Une certaine conception de la maladie, un phénomène qui serait reproductible en laboratoire, a permis de plus grandes avancées dans la compréhension des pathologies du mouvement que dans la compréhension des troubles de la sensibilité et de la douleur. De plus, les recherches médicales s’inscrivent dans un univers social élargi, culturel, philosophique … A cette époque, en France, s’opposaient violemment les matérialistes et les spiritualistes.

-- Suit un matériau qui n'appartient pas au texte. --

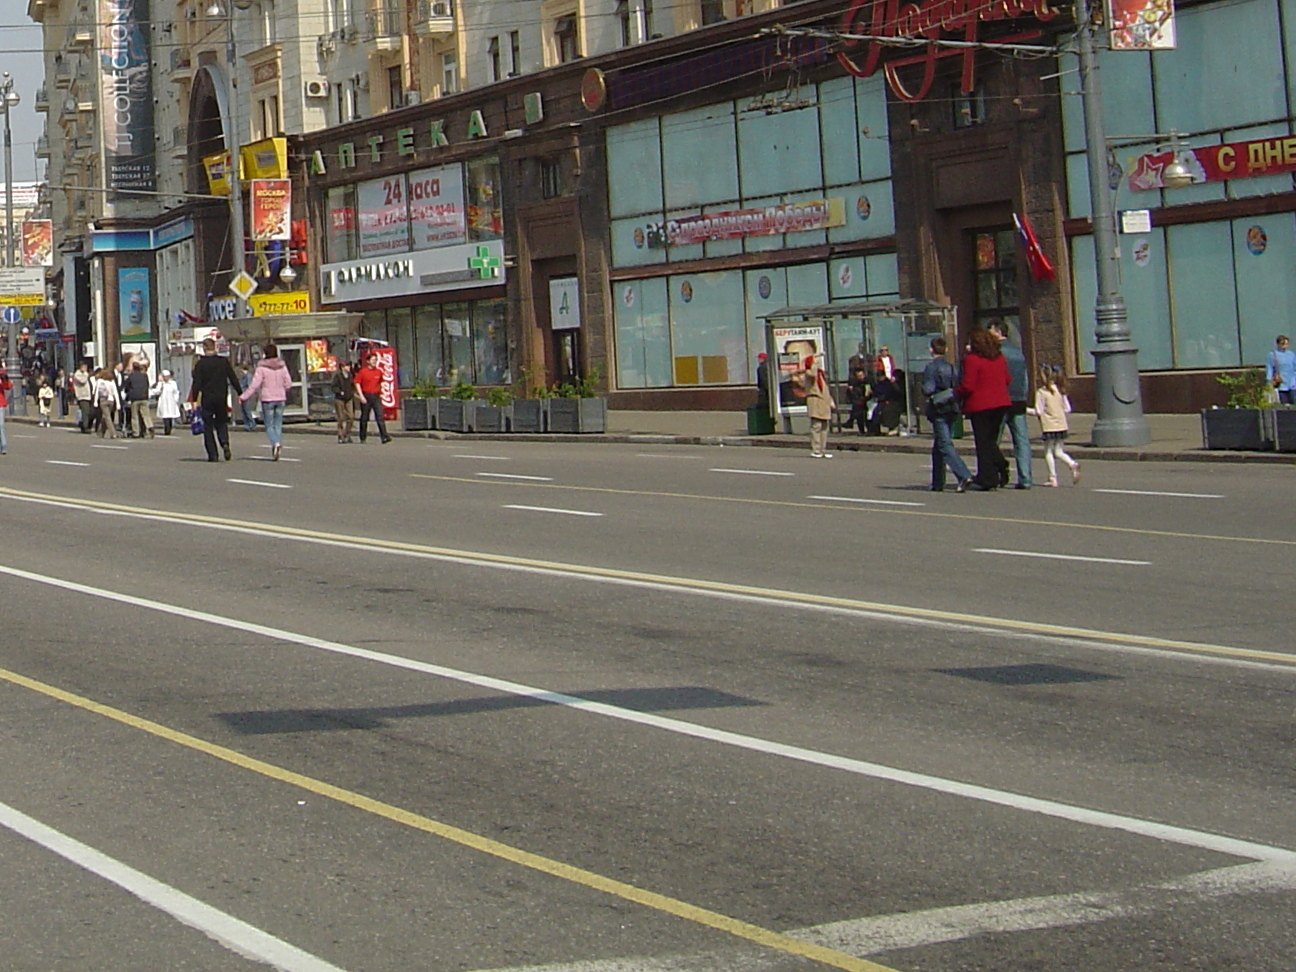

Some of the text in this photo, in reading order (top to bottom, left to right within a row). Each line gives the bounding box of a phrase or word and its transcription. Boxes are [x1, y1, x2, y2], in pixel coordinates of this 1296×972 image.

[110, 7, 133, 129] COLLECTION
[310, 109, 489, 175] АПТЕКА
[1217, 145, 1236, 173] С
[382, 178, 402, 206] 24

Selon l’avis de R. Rey : « Le type d’affrontement qui existait couramment tant sur l’emploi de la méthode expérimentale que sur la recherche des localisations et des spécificités, toujours suspectés de réduire le mental au physico-chimique, pourrait bien avoir pesé sur la compréhension du phénomène de la douleur beaucoup plus profondément et beaucoup plus fortement que les positions proprement religieuses sur la valeur de la douleur, en contribuant à durcir les positions de part et d’autre. »46

1.6.1 Dominique Jean Larrey.

Le baron Larrey fut chirurgien à la Garde impériale, et inspecteur général du service de santé des armées. Il cherchait à opérer les blessés le plus vite possible avec l’idée que cela aidait à les sauver, et intervenait en fonction du degré de gravité plutôt qu’en fonction du grade dans l’armée. Il a écrit ses mémoires. C’est un témoignage sur la nécessité de la vitesse et de la précision du geste comme seul moyen d’abréger les douleurs des blessés. Il préconise des interventions précoces, lorsque le blessé est encore en état de choc et que l’inflammation ne s’est pas encore installée, afin d’éviter l’installation de la douleur dans la durée, à la fois d’une blessure qui ne guérit pas et de la crainte épouvantée du patient sur son amputation possible à venir. Il est convaincu qu’il faut tout faire pour épargner la douleur. Cette conviction n’est pas si répandue et lorsque le rapport sur les premières expériences d’anesthésie réalisées en Angleterre est présenté en 1828 à l’Académie de médecine, il ne suscite que scepticisme et mépris. La conviction partagée par le plus grand nombre qu’il n’y a pas de moyens disponibles pour amoindrir la douleur des interventions chirurgicales est tenace, et pourrait avoir retardé l’usage même de moyens déjà à portée de main.

45 REY R. op. cit. p.158 46

1.6.2. Alfred Velpeau.

Le débat sur la pertinence de l’usage de méthodes pour lutter contre la douleur est d’une grande complexité car il interroge également ce que serait la bonne médecine, le bien soigner.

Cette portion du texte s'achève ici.